Monday, February 20, 2006

Davey and Goliath meet Mister Rogers

I recently found a little book in the bargain shelf at a local Christian bookstore. The book looked corny, but I was intrigued. You can find my review of it on The book was about Mister Rogers, from the PBS children’s series. Fred Rogers was an ordained minister in the United Presbyterian Church. He attended seminary at Pittsburgh Theological Seminary many years before I did.

According to the book, there was a struggle whether he would be ordained since he was not pastoring a congregation. To be honest, I don’t think I would have voted to ordain him. All Christians are called to service. Ordination is for particular ministry--the ministry of Word and Sacrament, deacons, and ruling elders. To ordain outside of those particular ministries suggests something less than the priesthood of all believers. Ordination is no longer for the sake of the church, but instead it becomes a reward for theological education or for doing really good works. There should be no hierarchy within the church. The person who digs ditches to the glory of God is doing something just as important as the person who runs a soup kitchen. Ordination is about taking on the yoke of Christ for the care of his church.

But I digress. Fred Rogers was ordained with the understanding that he would develop a children’s program as an outreach for the denomination. Only later would denominational officials call Fred Rogers and inform him that the money did not exist for his program. What a missed opportunity. With Fred Rogers at the helm, Presbyterians could have expressed on television Christ‘s loving words, “Let the children come to me.” The Lutherans had a cool show in Davey and Goliath. It remains one the best investments in children’s religious broadcasting. Why couldn’t the Presbyterians have done that?

Saturday, February 11, 2006

Sharing the Pain

The Moderator of the General Assembly of the PCUSA is concerned about the denomination’s plan to divest from Israel. Frankly, I believe that the decision to go down the road was foolish at best. I appreciate the moderator’s concern, and I hope the General Assembly Council heeds his advice to provide guidance. What I find interesting is the Presbyterian News Service’s depiction of the moderator’s nuanced approach to the Palestinian-Israeli conflict.
The moderator said that, when he visited the children's section of the Holocaust Memorial in Jerusalem, he was able to imagine his own son's name being read among those of the dead. And he said he also remembers that, during his first visit to the Holy Land, four years ago, he visited Bethlehem, a town under house arrest, and noticed that children woke up in the morning and asked whether the curfew had been lifted, much as he had asked about snow days when he was a boy.

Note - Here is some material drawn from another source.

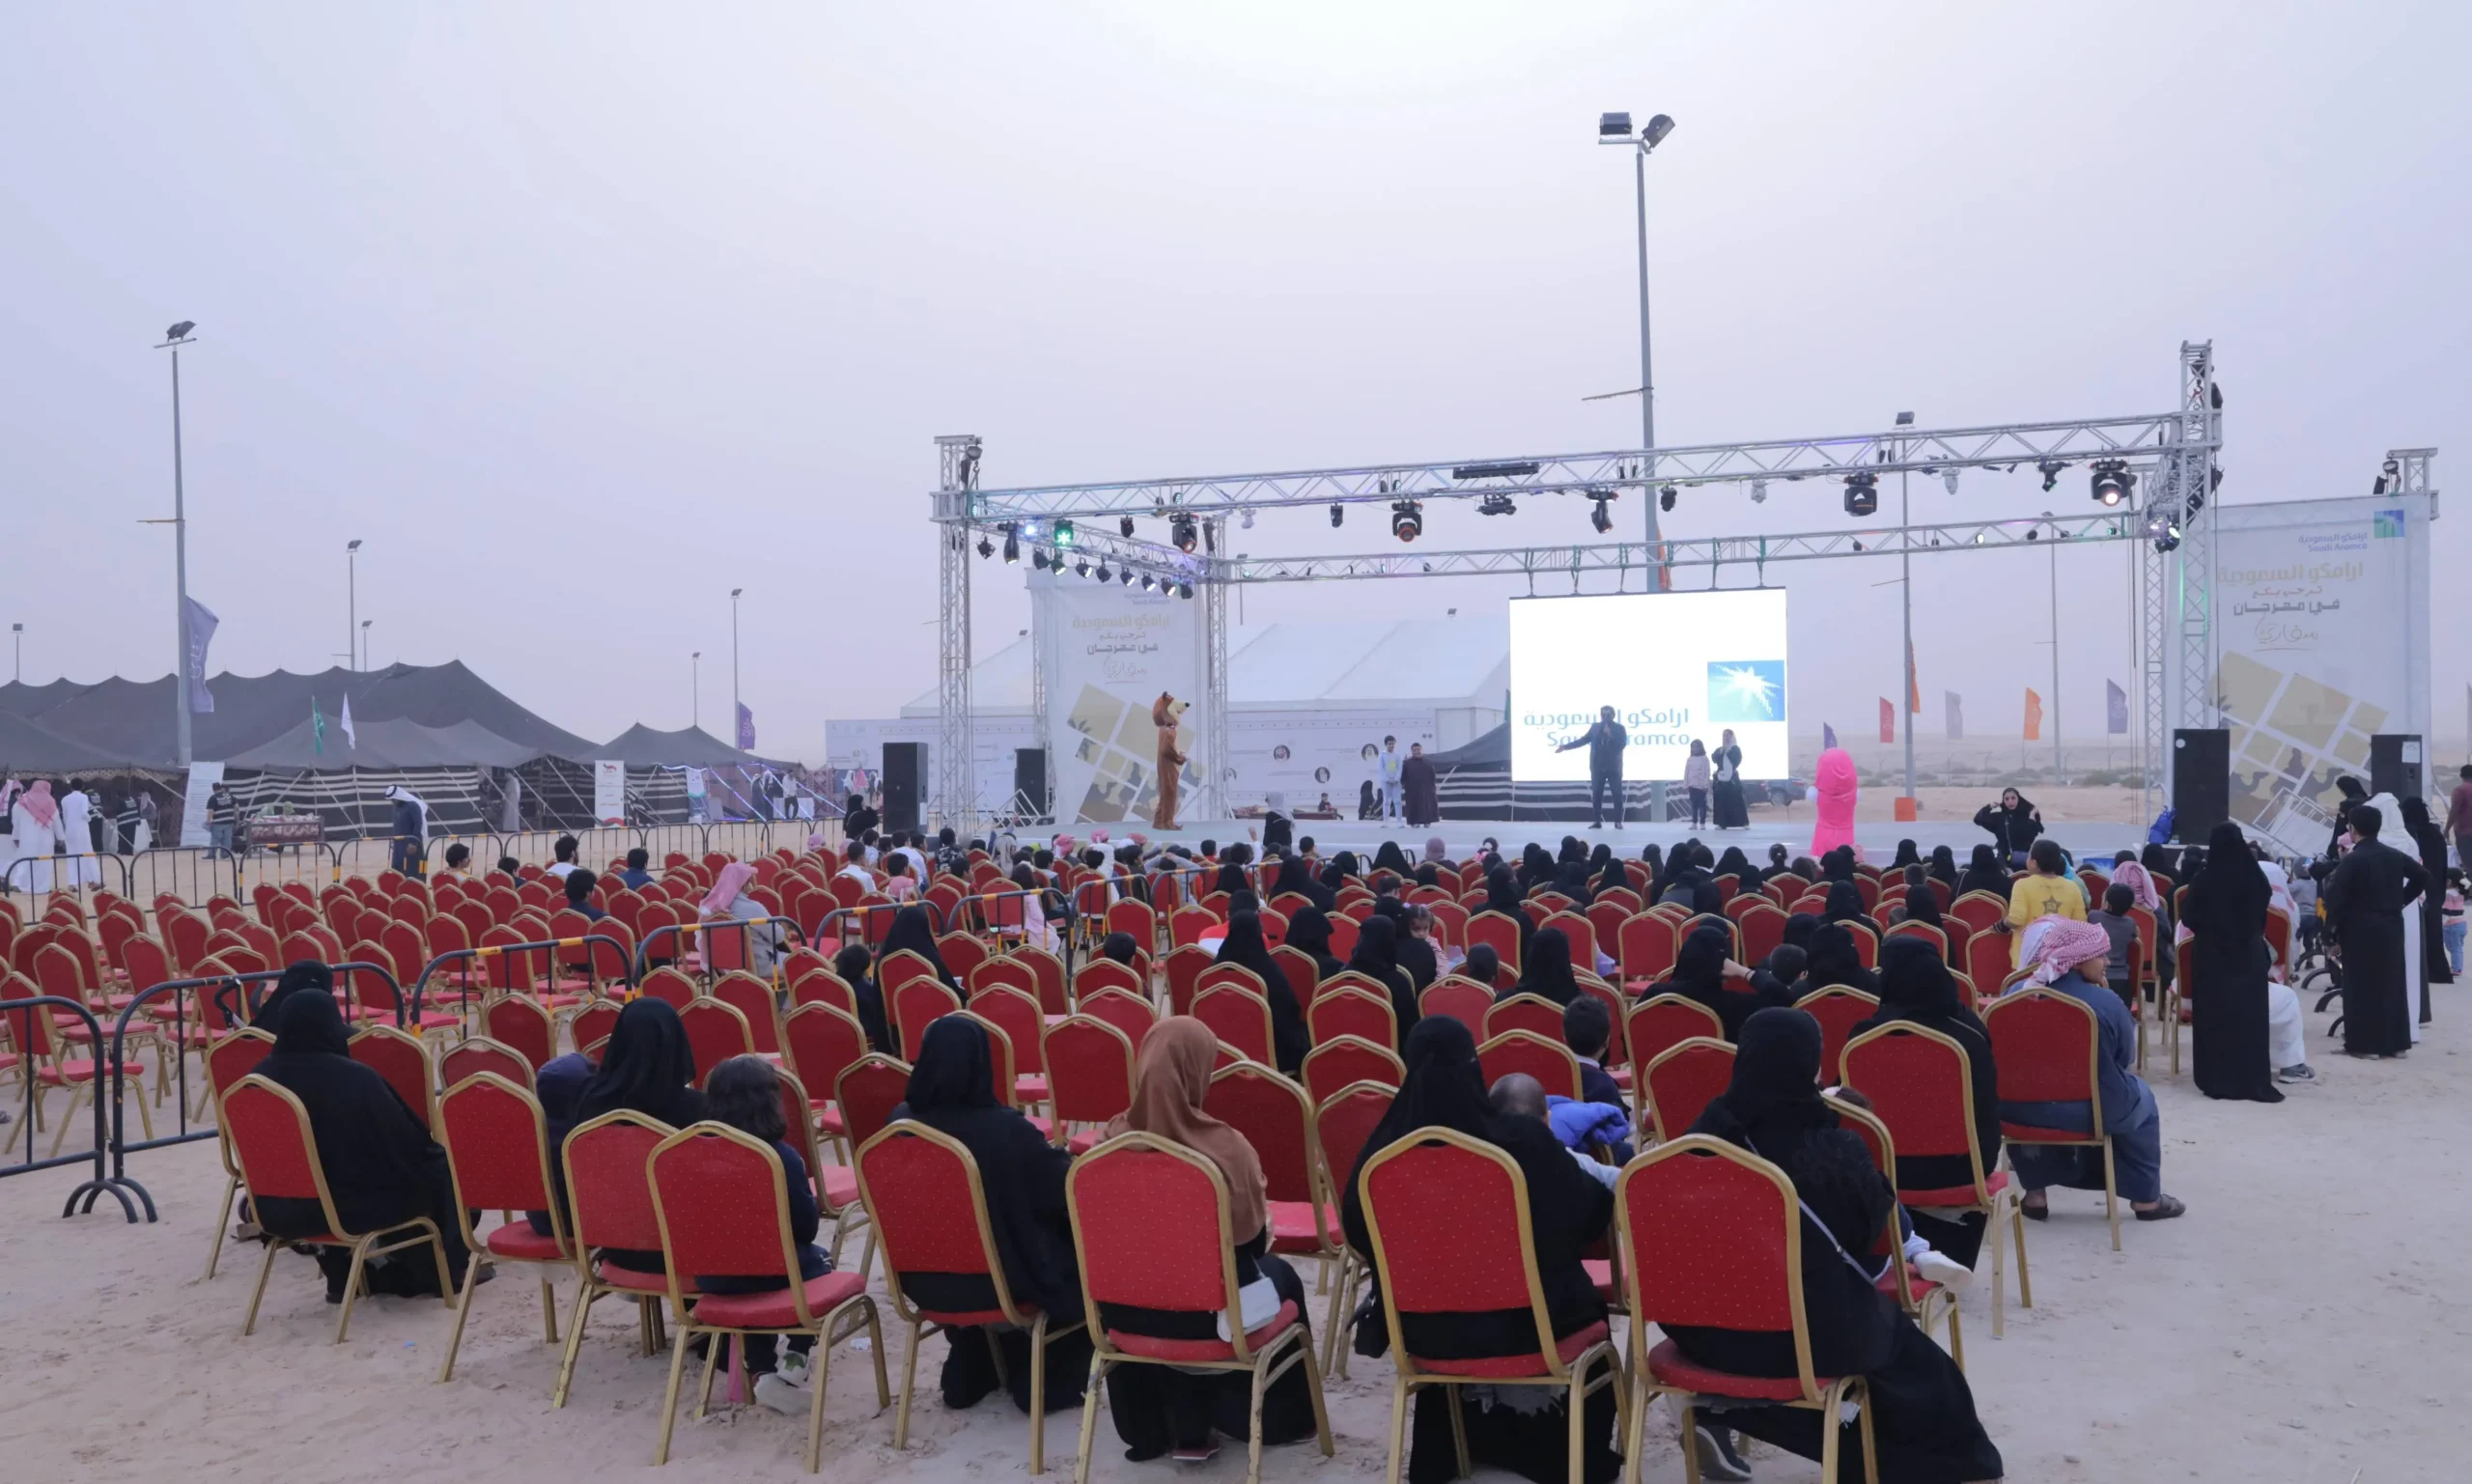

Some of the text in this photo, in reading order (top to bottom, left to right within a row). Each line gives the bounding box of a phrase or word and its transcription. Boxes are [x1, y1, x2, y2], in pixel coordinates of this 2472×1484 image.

[2233, 598, 2341, 616] في مهرجان
[1524, 708, 1689, 731] ارامكو اسعودية
[1626, 733, 1690, 745] ramco

Holding that dual tension, he said, requires empathic listening to both stories, and sharing the pain of both parties, rather than simply siding with one.

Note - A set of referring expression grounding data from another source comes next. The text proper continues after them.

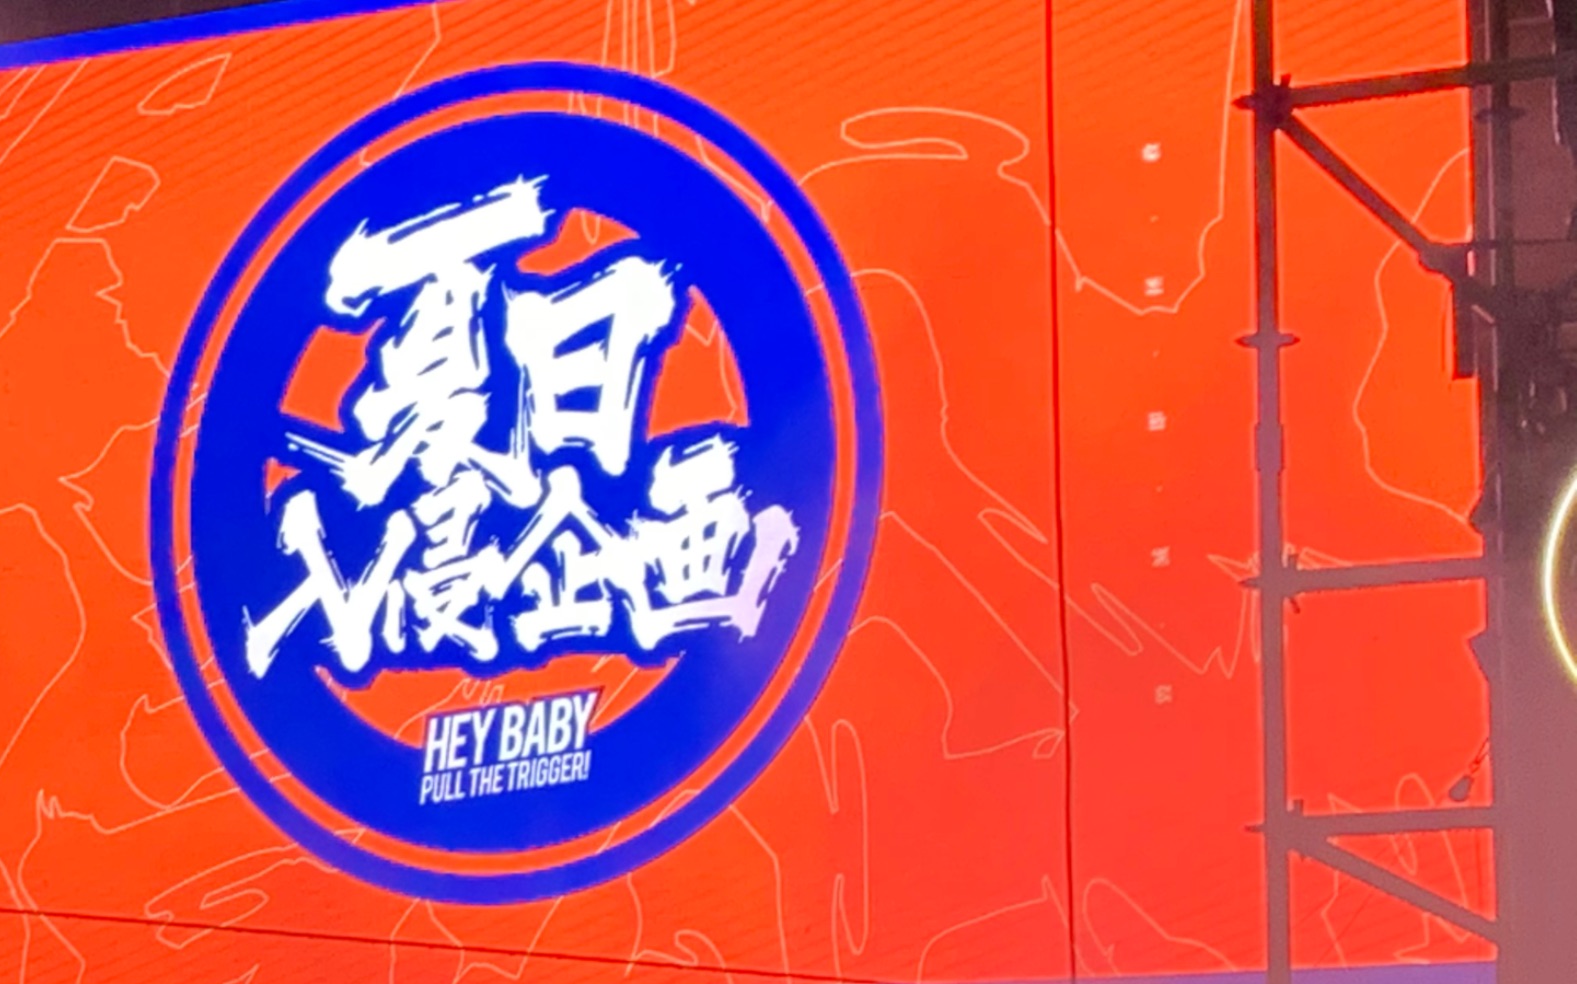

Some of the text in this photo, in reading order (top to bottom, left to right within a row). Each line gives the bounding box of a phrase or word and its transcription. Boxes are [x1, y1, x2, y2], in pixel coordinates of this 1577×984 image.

[286, 174, 681, 509] 夏日
[243, 436, 799, 679] 入侵企画
[419, 750, 592, 806] PULL THE TRIGGER!
[424, 691, 598, 774] HEY BABY
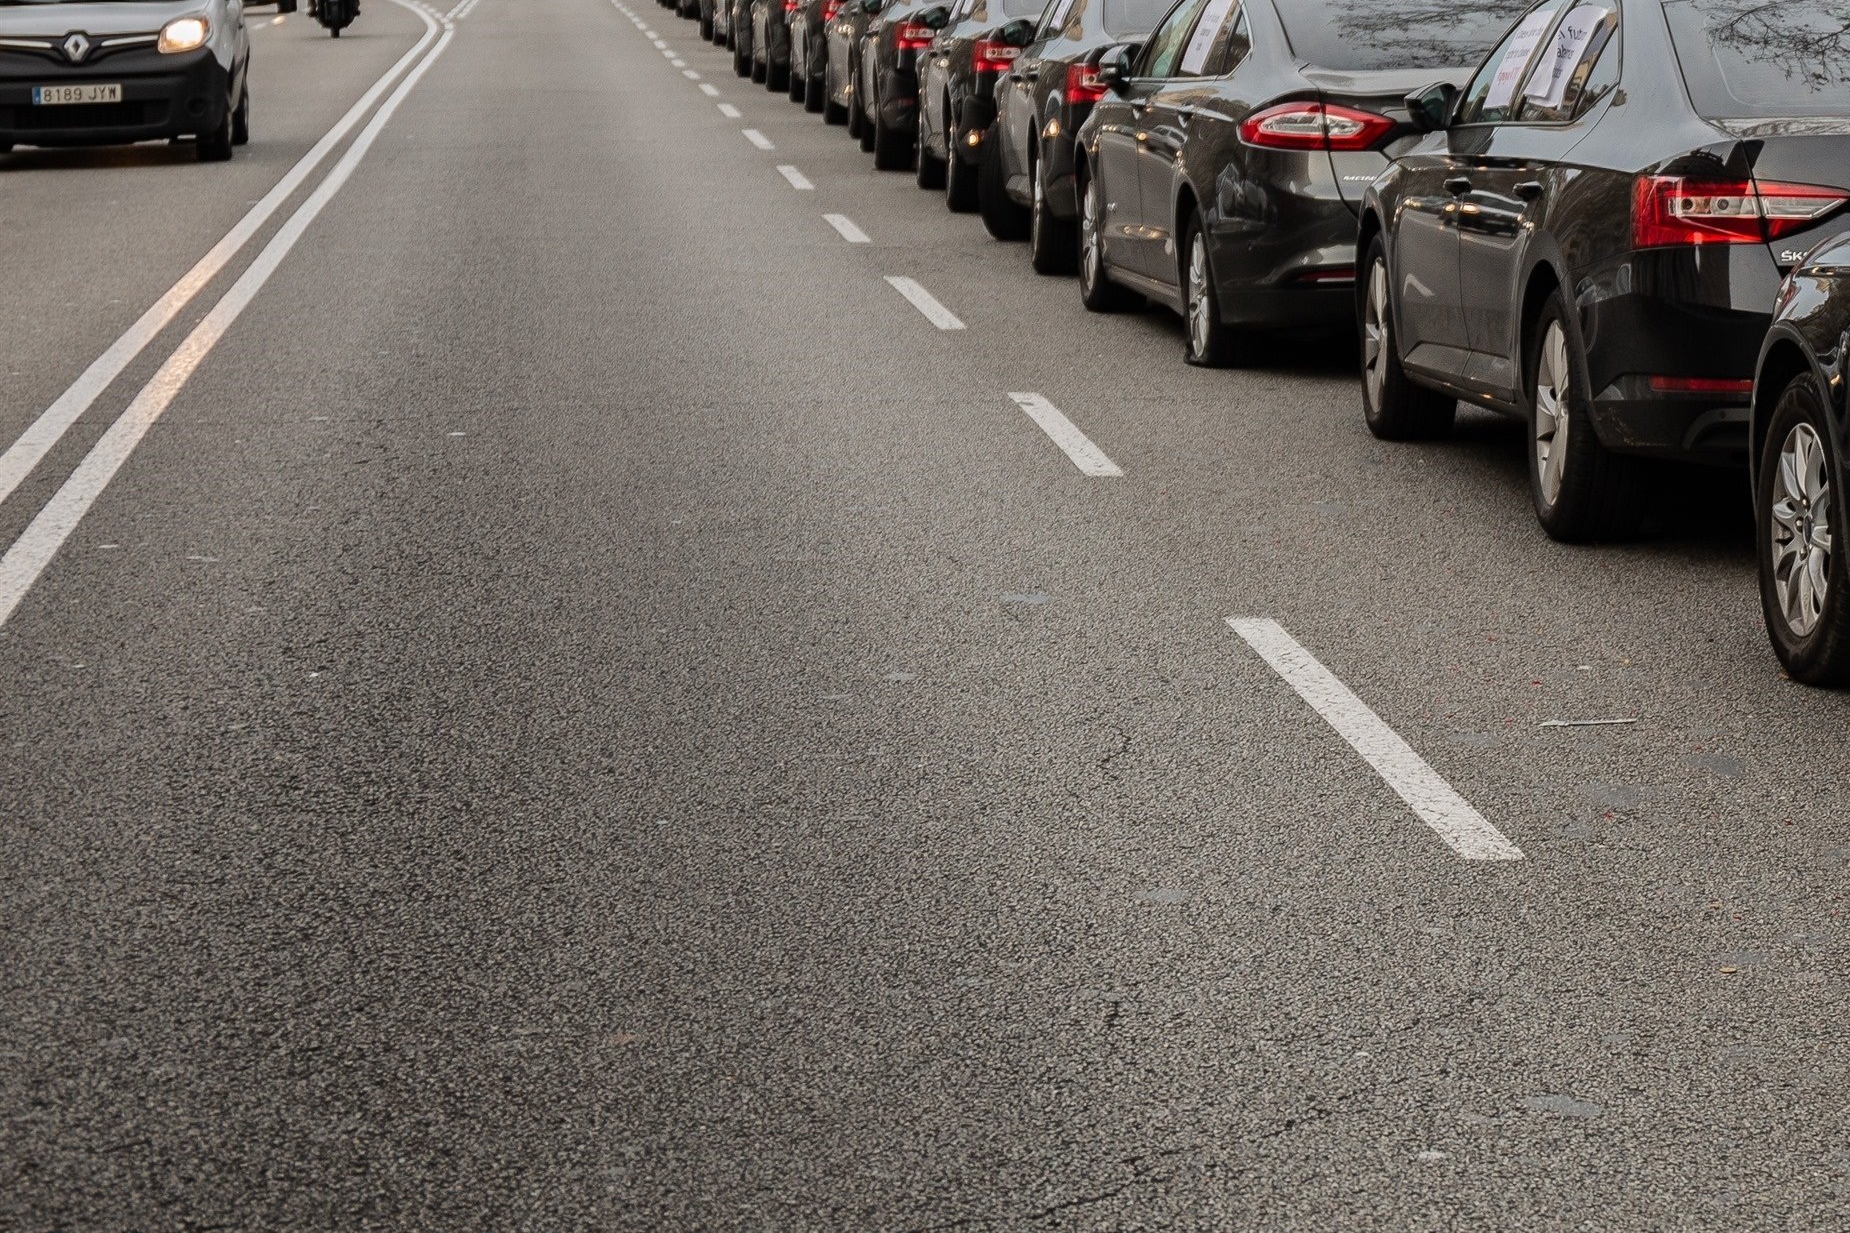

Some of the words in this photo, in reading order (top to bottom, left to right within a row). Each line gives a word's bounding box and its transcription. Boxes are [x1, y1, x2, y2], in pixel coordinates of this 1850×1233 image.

[43, 87, 82, 102] 8189
[88, 86, 117, 101] JYW
[1781, 249, 1808, 262] ŠK

Now, it’s true that Palestinians have suffered a great deal. The average Palestinian deserves better than to be limited by curfews and walls. However, one overwhelming question comes to mind. Does our moderator believe that the systematic slaughter of Jews and a curfew are morally equivalent? I also find it strange that the moderator must reach into the past of Nazi Germany for a wrong perpetrated on the people of Israel. A modern Israeli might think of a stream of suicide bombers killing innocents. A curfew may provide annoyance for children and be economically devastating to adults. However, many Israelis are willing to bear that cost for security.

The real tension is how can Palestinians exercise freedom -- economic freedom and freedom of movement -- and the Israelis be free from violence. Here is the debate that we are not having as a denomination.

Thursday, February 09, 2006

Jabez in Africa

I receive Sojourners weekly e-mail update. I read it to learn each week that the "monologue of the religious right is over." Sadly, Sojourners spends so much time telling me that the religious right really isn't Christian that there remains little time to actually engage in dialogue. Occasionally there is an interesting article or a link, and I was intrigued by David Batstone's commentary about the Prayer of Jabez author, Bruce Wilkinson.

Apparently, Wilkinson went to Africa a few years ago to minister to victims of AIDS. Sadly, he appears that he has walked away from the project out of frustration. My entire knowledge of the controversy is from Batstone's commentary. As a result, I don't think it would be fair for me to editorialize.

Despite serious concerns with the theology depicted in the Prayer of Jabez, I hate to see Wilkinson find disappointment. I pray that he has gained wisdom from the experience, and I hope that ministries to AIDS victims in Africa will continue.